Other friends and family members are suspicious of authorities' motives in pressing the case. Robert Olvera, 33, Lumbrera's cousin, says the police have actively pursued the case because the defendant is Latino.

"You think this would happen to a Diana if she was white? No way. Absolutely not," Olvera said.

"The police are just looking for publicity, if you ask me," he said. "That is the only way you can explain all this coming out so many years later. The doctors ruled the children died of natural causes."

Bribiesca fears that the Kansas conviction will doom her sister in Texas.

"She didn't get a fair trial" in Garden City, said Bribiesca, who resides in Kansas. "Before this, I think she could have gotten one in Texas, but not now. Not after this. They're going to think she killed all her kids. But Diana's not going to give up, I'll tell you that."

In late January, Lumbrera faces trial on murder charges in Parmer County in the deaths of Joanna, Melissa and Melinda; the grand jury said she smothered the three children to collect $15,000 in life insurance benefits.

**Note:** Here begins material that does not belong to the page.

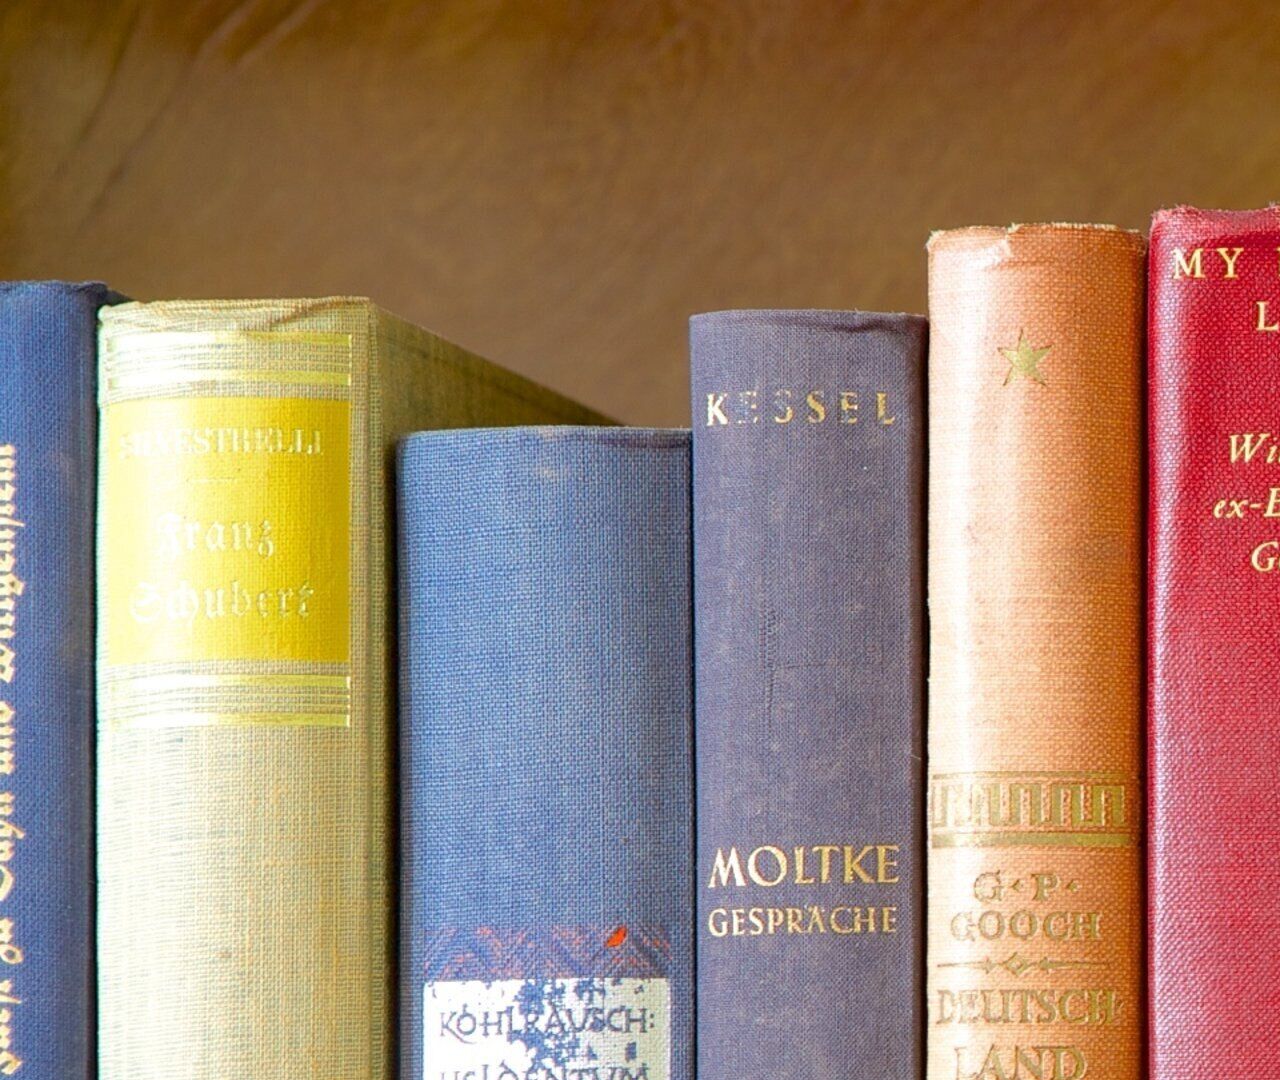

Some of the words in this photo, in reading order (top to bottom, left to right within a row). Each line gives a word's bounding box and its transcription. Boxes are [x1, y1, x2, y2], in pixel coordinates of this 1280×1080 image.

She also faces separate trials in Lubbock and Bailey counties in the deaths of Jose Lionel and Erica Aleman. An investigation into the death of Christopher Lumbrera continues. If she is convicted in any case, she could face either life in prison or the death penalty, administered by lethal injection.

Gordon Green, Lumbrera's lawyer, would not allow her to be interviewed.

"It's not an everyday case," said Green, refusing to comment further.

Lumbrera is being held in the Parmer County Jail on $300,000 bond. Fifteen miles away, at the Bovina Cemetery, elaborate headstones stand over the graves of five of Lumbrera's children.

Each bears the same epitaph: "Darling, we miss thee."